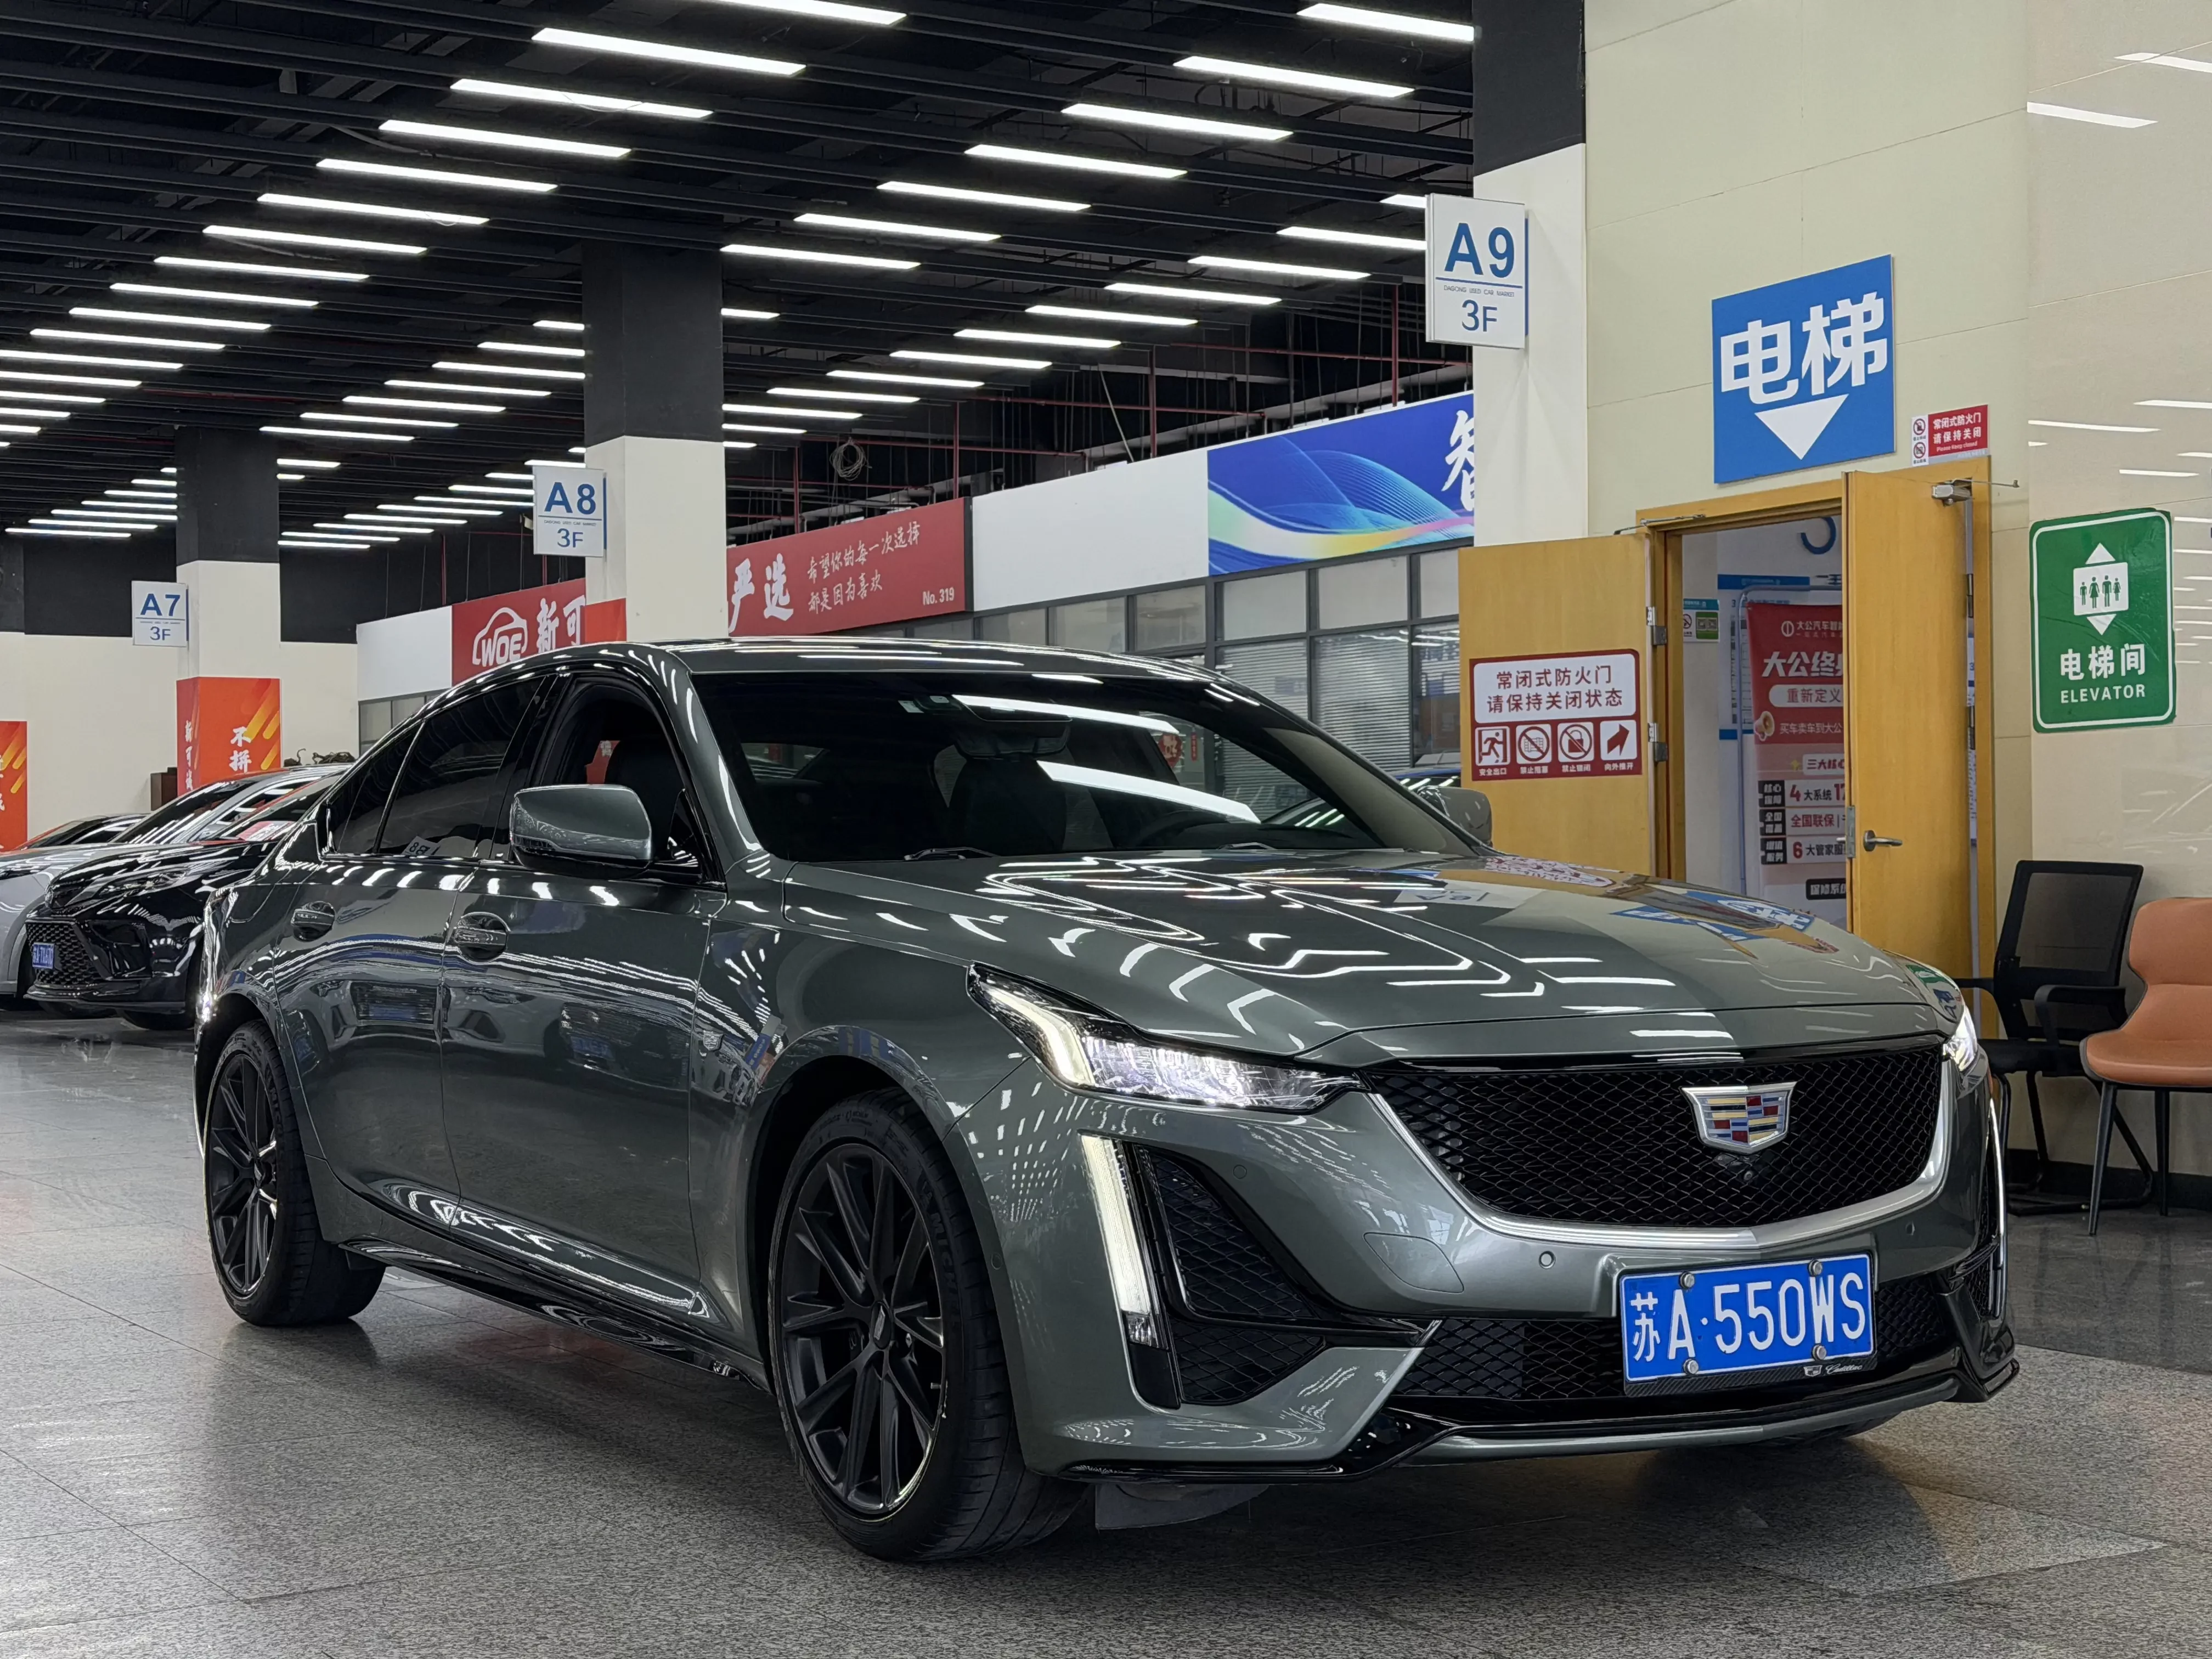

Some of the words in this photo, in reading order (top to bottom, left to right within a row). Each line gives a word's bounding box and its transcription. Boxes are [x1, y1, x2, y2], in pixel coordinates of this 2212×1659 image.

[1444, 223, 1515, 278] A9
[1462, 300, 1498, 331] 3F
[1721, 292, 1887, 403] 电梯
[1933, 412, 1982, 430] 常闭式防火门
[1933, 426, 1982, 444] 请保持关闭
[544, 482, 596, 515] A8
[557, 528, 583, 548] 3F
[807, 521, 921, 584] 希望你的每一次选择
[729, 553, 794, 633] 严选
[808, 569, 883, 614] 都是因为喜欢
[922, 590, 938, 606] No.
[939, 587, 955, 603] 319
[140, 594, 181, 616] A7
[150, 627, 171, 641] 3F
[537, 595, 585, 653] 新可
[2060, 643, 2145, 681] 电梯间
[1497, 665, 1612, 690] 常闭式防火门
[1487, 688, 1622, 713] 请保持关闭状态
[1787, 688, 1842, 703] 重新定义
[2061, 684, 2145, 703] ELEVATOR
[1780, 723, 1842, 735] 买车卖车到大公
[1479, 768, 1507, 777] 安全出口
[1791, 814, 1835, 828] 全国联保
[1792, 841, 1846, 859] 6大管家服
[1825, 1363, 1863, 1375] Cadillac

__________

What is needed:
Set down the material above word for word and skip its pictures.

Answer to this task:
Some of the words in this photo, in reading order (top to bottom, left to right within a row). Each line gives a word's bounding box and its transcription. Boxes are [x1, y1, x2, y2], in pixel coordinates of this 2212×1659 image.

[1444, 223, 1515, 278] A9
[1462, 300, 1498, 331] 3F
[1721, 292, 1887, 403] 电梯
[1933, 412, 1982, 430] 常闭式防火门
[1933, 426, 1982, 444] 请保持关闭
[544, 482, 596, 515] A8
[557, 528, 583, 548] 3F
[807, 521, 921, 584] 希望你的每一次选择
[729, 553, 794, 633] 严选
[808, 569, 883, 614] 都是因为喜欢
[922, 590, 938, 606] No.
[939, 587, 955, 603] 319
[140, 594, 181, 616] A7
[150, 627, 171, 641] 3F
[537, 595, 585, 653] 新可
[2060, 643, 2145, 681] 电梯间
[1497, 665, 1612, 690] 常闭式防火门
[1487, 688, 1622, 713] 请保持关闭状态
[1787, 688, 1842, 703] 重新定义
[2061, 684, 2145, 703] ELEVATOR
[1780, 723, 1842, 735] 买车卖车到大公
[1479, 768, 1507, 777] 安全出口
[1791, 814, 1835, 828] 全国联保
[1792, 841, 1846, 859] 6大管家服
[1825, 1363, 1863, 1375] Cadillac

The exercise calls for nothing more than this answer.